Huang a averti que les restrictions américaines risquent de faire perdre du terrain technologique à des concurrents chinois comme Huawei dans la course mondiale aux matériels d'IA. Il a souligné que la part de marché de Nvidia en Chine est passée de 95 % à 50 % en quatre ans, face à la progression de ses concurrents locaux, qualifiant les politiques d'exportation américaines d'« échec »
Nvidia s'oppose aux demandes de surveillance gouvernementale concernant les puces d'IA
Nvidia a fermement rejeté toute tentative gouvernementale d'intégrer des mécanismes de surveillance à ses puces, arguant que les GPU doivent rester exempts de portes dérobées et de dispositifs d'arrêt d'urgence à distance . Dans un article de blog publié mardi et intitulé « Pas de portes dérobées. Pas de dispositifs d'arrêt d'urgence. Pas de logiciels espions. », le responsable de la sécurité, David Reber Jr., a écrit que les GPU de Nvidia — largement utilisés pour l'entraînement et l'exécution de modèles d'IA par les géants de la tech et les startups — « ne comportent pas et ne devraient pas comporter de dispositifs d'arrêt d'urgence ni de portes dérobées ».
Cette prise de position fait suite aux inquiétudes exprimées la semaine dernière par les autorités chinoises concernant d'éventuels risques de sécurité liés à des portes dérobées dans les puces H20 de Nvidia, une version adaptée au marché chinois. Ces dernières ont demandé une rencontre avec l'entreprise, comme l'a rapporté le New York Times. Nvidia a averti que permettre un accès ou un contrôle clandestin de ses puces rendrait la technologie plus vulnérable et « ébranlerait la confiance dans la technologie américaine »

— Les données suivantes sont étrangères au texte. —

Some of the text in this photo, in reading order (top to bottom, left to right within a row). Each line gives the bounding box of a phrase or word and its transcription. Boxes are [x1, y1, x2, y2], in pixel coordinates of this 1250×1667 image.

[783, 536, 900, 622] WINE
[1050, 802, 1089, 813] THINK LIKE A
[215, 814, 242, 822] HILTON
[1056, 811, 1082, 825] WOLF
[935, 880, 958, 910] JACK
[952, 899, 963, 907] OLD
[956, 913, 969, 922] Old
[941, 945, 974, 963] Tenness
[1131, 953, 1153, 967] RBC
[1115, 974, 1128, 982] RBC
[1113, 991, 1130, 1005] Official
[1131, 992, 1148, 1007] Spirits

Les géants de la tech ont déjà résisté à des propositions similaires. Apple, par exemple, s'oppose depuis longtemps aux portes dérobées dans les logiciels. Son PDG, Tim Cook, les a comparées, de façon notoire, à « l'équivalent logiciel du cancer ». L'entreprise a combattu une demande du FBI en 2016, qui exigeait la création d'un logiciel sur mesure pour déverrouiller l'iPhone d'un tireur, et, plus tôt cette année, elle a résisté à ce qu'elle a qualifié d'ordre secret du gouvernement britannique visant à obtenir un accès détourné aux données iCloud.